→ **Work instruction**: Restate all of the following data exactly, keeping any images out of the copy.

→ **Material provided**:
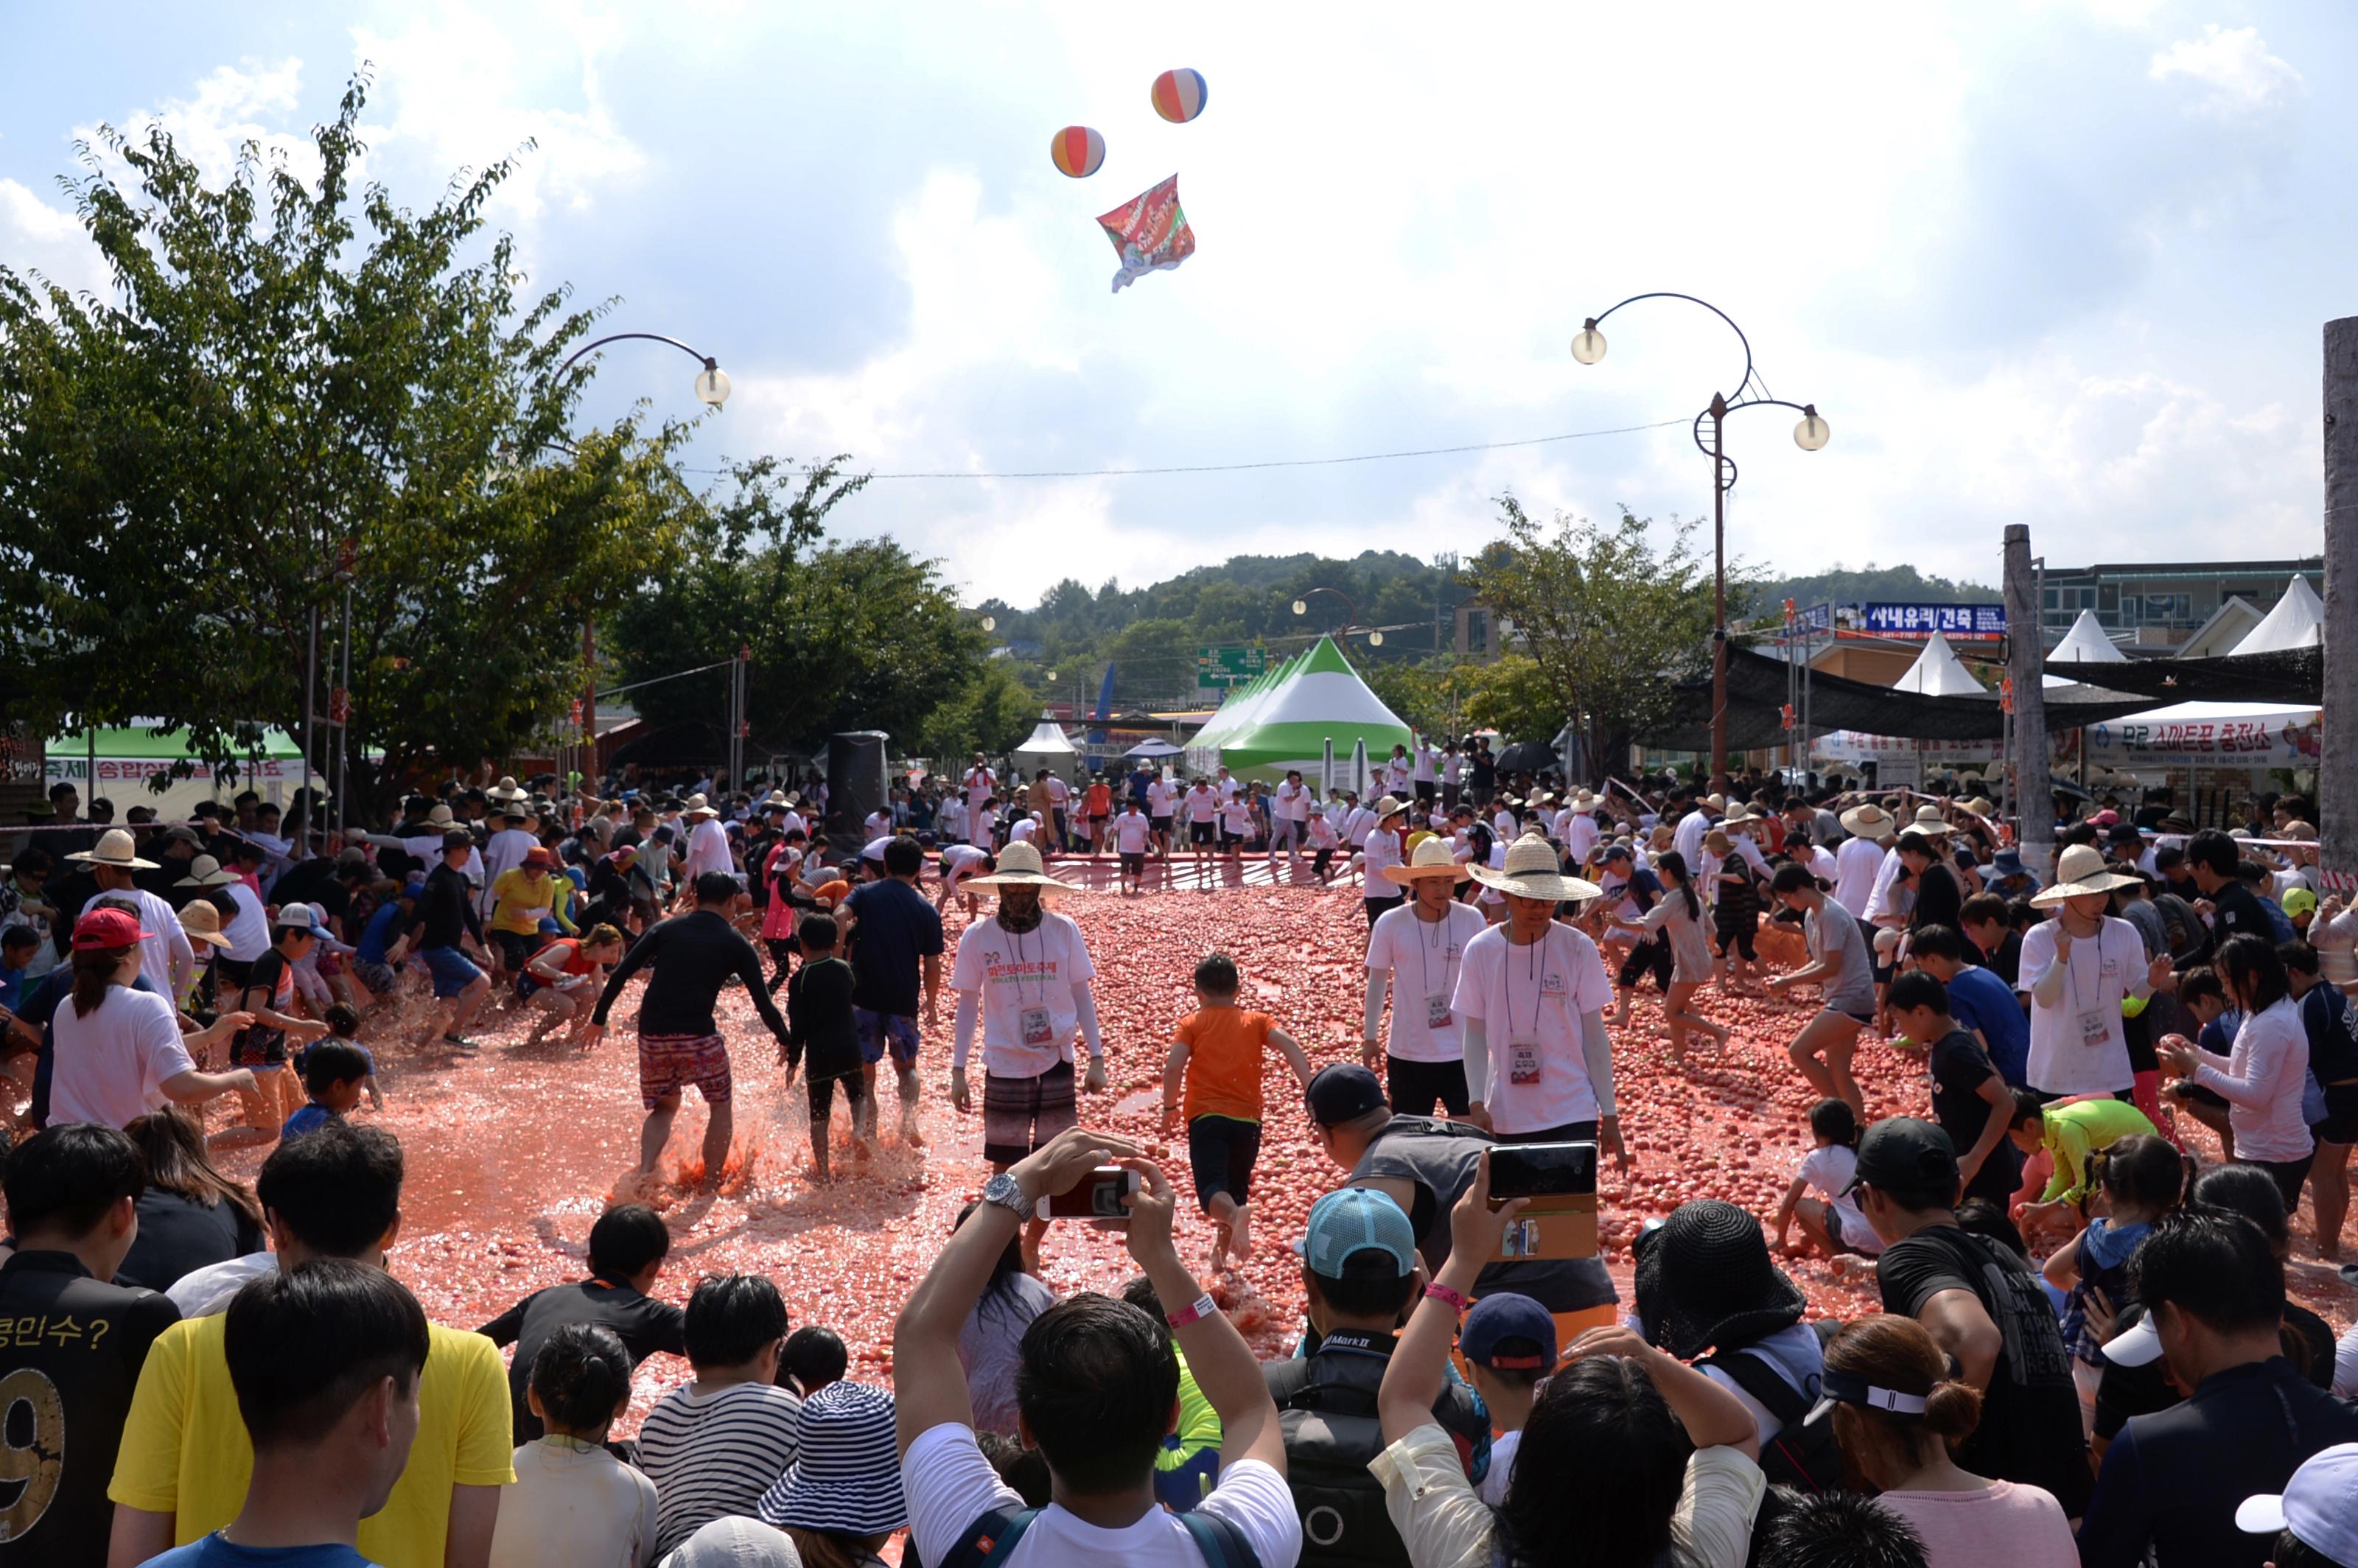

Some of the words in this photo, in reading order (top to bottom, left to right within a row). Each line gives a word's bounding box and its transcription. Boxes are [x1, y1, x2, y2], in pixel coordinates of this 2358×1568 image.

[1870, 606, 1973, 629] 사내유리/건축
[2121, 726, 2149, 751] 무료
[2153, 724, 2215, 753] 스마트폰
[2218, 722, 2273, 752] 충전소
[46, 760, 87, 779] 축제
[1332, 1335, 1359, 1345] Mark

→ **Your response**:
Some of the words in this photo, in reading order (top to bottom, left to right within a row). Each line gives a word's bounding box and its transcription. Boxes are [x1, y1, x2, y2], in pixel coordinates of this 2358×1568 image.

[1870, 606, 1973, 629] 사내유리/건축
[2121, 726, 2149, 751] 무료
[2153, 724, 2215, 753] 스마트폰
[2218, 722, 2273, 752] 충전소
[46, 760, 87, 779] 축제
[1332, 1335, 1359, 1345] Mark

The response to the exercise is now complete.